The long corridor looked so bleak and dim in contrast to the brightly lit elevator. Morgan winced as her heel clacked on the marble with her first step out of the elevator. It didn’t help that this end of the corridor was particularly cold which sent chills through the spine, enhancing the feeling that perhaps something hideous was following close in the shadow, or you were heading to your terrible doom. The slightly creepy sense the hallway brought was designed to turn back anyone who didn’t have real cause to be there. I tried to keep my eyes focused on the warmly lit desk at the very end of the corridor to prevent myself wanting to turn back.
I would have warmed myself and Morgan up but the usage of affinities within the building was strictly prohibited unless a person had signed certification and permissions or were in an emergency, and I didn’t want anything that could be used against us even slightly when we appealed.
A person with such certifications slowly raised her head from the end of the corridor we were halfway down, her slivery, blonde hair was once again done in a perfect bun, no single hair was left out or allowed to stray from its designated position. She peeped over her half moon spectacles which she had positioned halfway down her nose and looked Morgan over. I thought I may have seen her nod slightly, deeming my daughter to look respectable, before she returned her eyes to her work.
Morgan and I remained silent as we walked down the rest of the way, it was the kind of moment where speech is not necessary and seems absurdly out of place. The shared silence was broken by Gladys.

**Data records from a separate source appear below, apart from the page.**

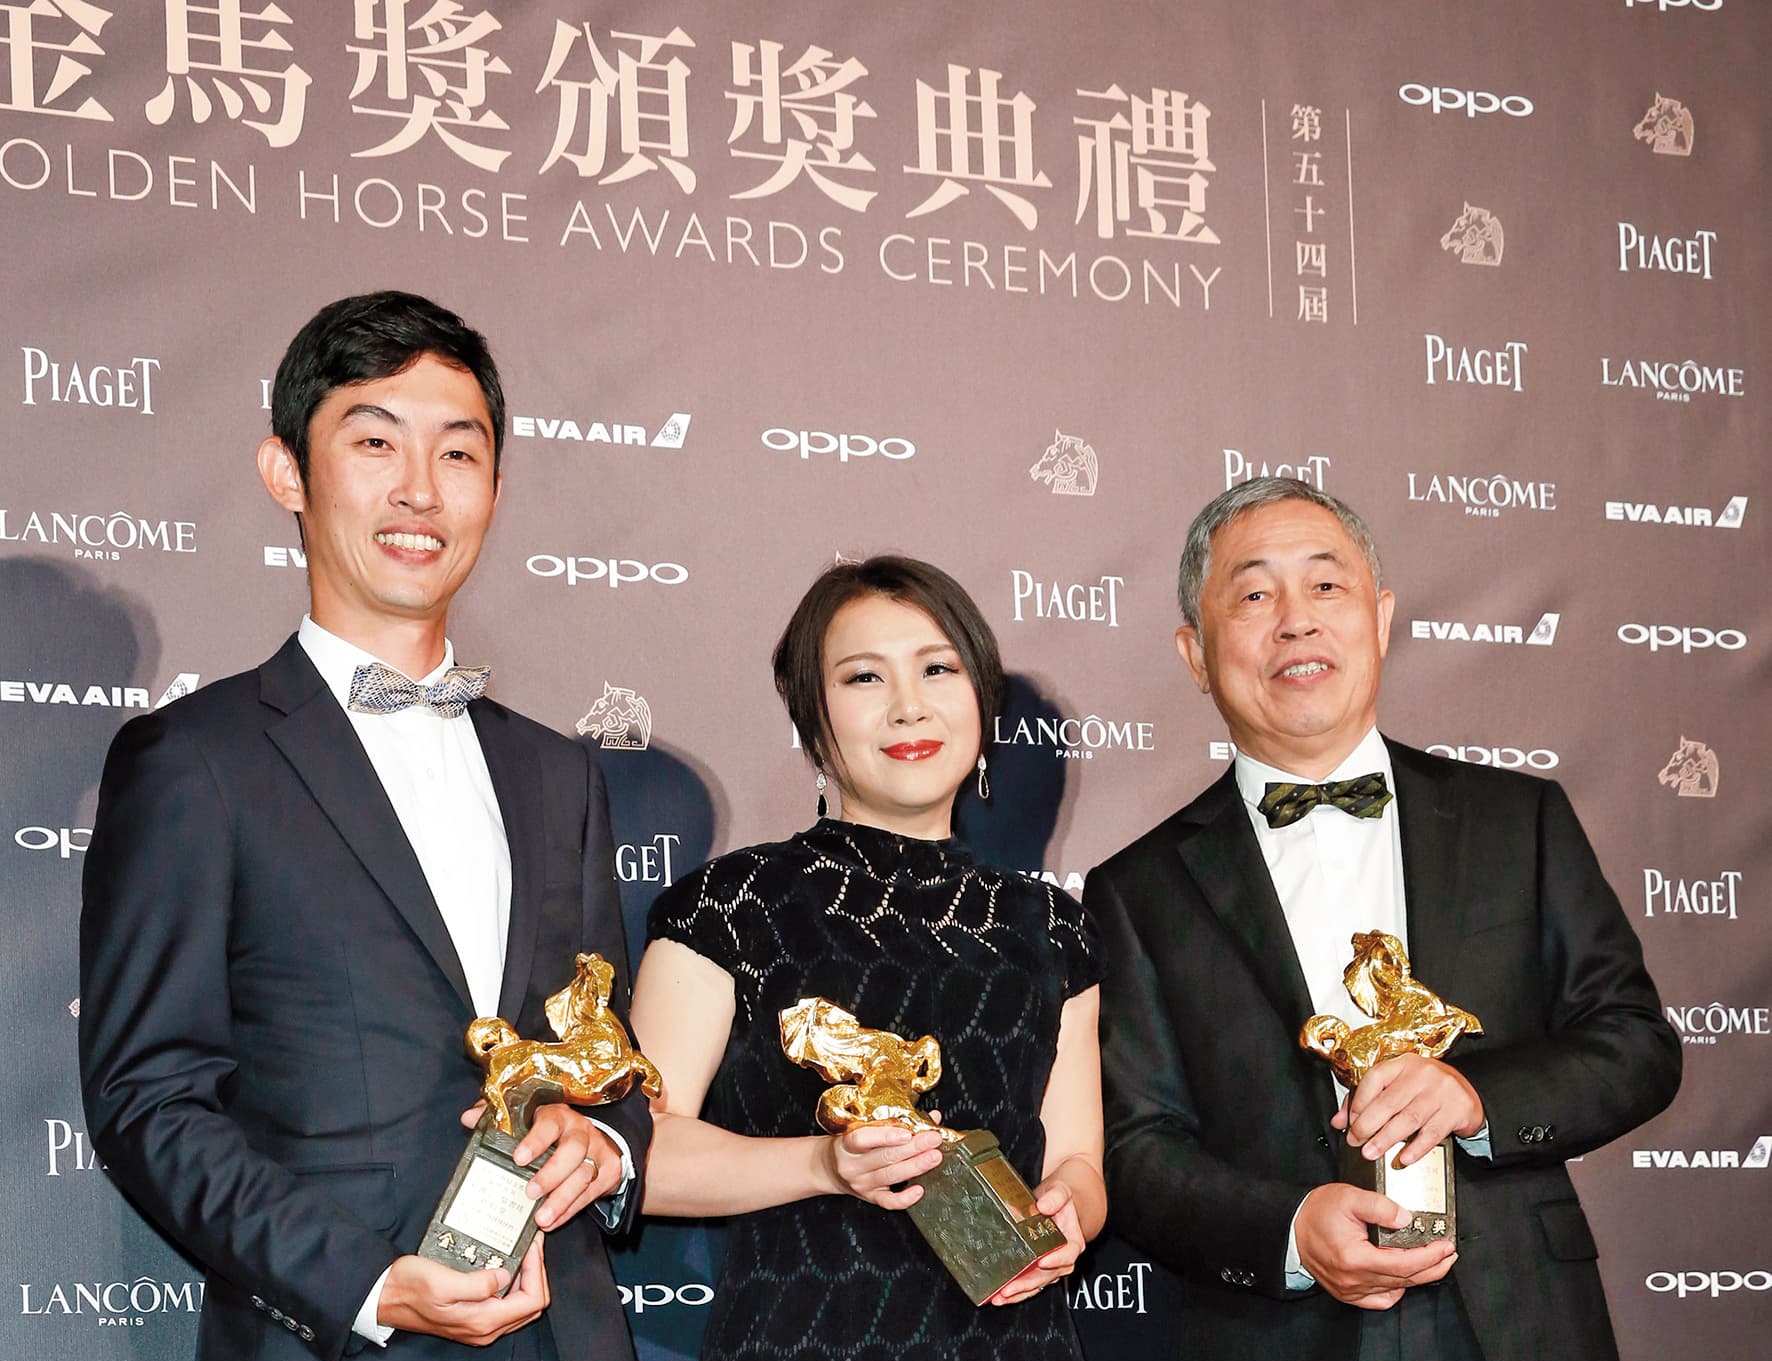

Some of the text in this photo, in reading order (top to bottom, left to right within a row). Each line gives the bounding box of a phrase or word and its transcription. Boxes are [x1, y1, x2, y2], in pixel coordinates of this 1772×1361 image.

[0, 138, 1222, 310] OLDEN HORSE AWARDS CEREMONY
[1291, 103, 1328, 324] 第五十四屆
[1655, 391, 1691, 403] PARIS
[1464, 506, 1500, 518] PARIS
[0, 509, 197, 553] LANCÔME
[74, 549, 121, 561] PARIS
[1055, 749, 1094, 760] PARIS
[15, 826, 93, 859] op
[613, 834, 681, 888] GET
[1666, 1001, 1770, 1034] NCÔME
[1682, 1035, 1717, 1045] PARIS
[1066, 1262, 1153, 1314] AGET
[98, 1317, 144, 1327] PARIS

“You’re early.” With her familiar voice came an odd warmth that reminded me of my own teenage years sat waiting for my father in this corridor with my brothers. It seemed a lot less ominous and dark back then but I suppose back then I was not faced with the task of convincing the Faerie council to go to war at a time when they had enough trouble within their own land. Layla’s face flashed through my mind for the millionth time, she had lost her husband to the problems within our kingdom, everything I thought of seemed to connect back to her, I needed to try and forget her, no matter what the decision of the council was there was a huge chance I wouldn’t ever return.
A form was placed in the hand of Morgan’s that I was not currently holding onto.
“Just fill it in sweetie, they will be ready to see you in a moment.” She pointed to a chair by the side of her desk and Morgan sat down to fill it out despite her gently shaking hands. Every now and again she clutched her pendant to steady herself before taking a deep breath and continuing.
“She has a lot of her mother in her.” Gladys whispered to me as we stood opposite Morgan. “Not sure about the skirt length but otherwise she looks thoroughly presentable. I remember you at her age Mike, it makes me feel so ancient”
I smiled through an overwhelming serge of nerves. Gladys had always been one for ankle length skirts.
“Still I thought she was only a....” She was cut off by a sharp ‘peep’ noise that came from a small box on her desk. Which startled Morgan so much she almost dropped her pen.
“Send them in Gladys.”
It was a voice I had dreaded hearing and one that Morgan quite clearly recognised by her reaction.
Gladys took the completed form from Morgan and raised her eyebrow as she scanned down it.
“You know the routine Mike. These things haven’t changed since you were a kid.” She pushed open the large oaken doorway. “Good luck to the both of you.”
Morgan took my hand.
“Here we go.” I smiled what I hoped was a reassuring smile at her.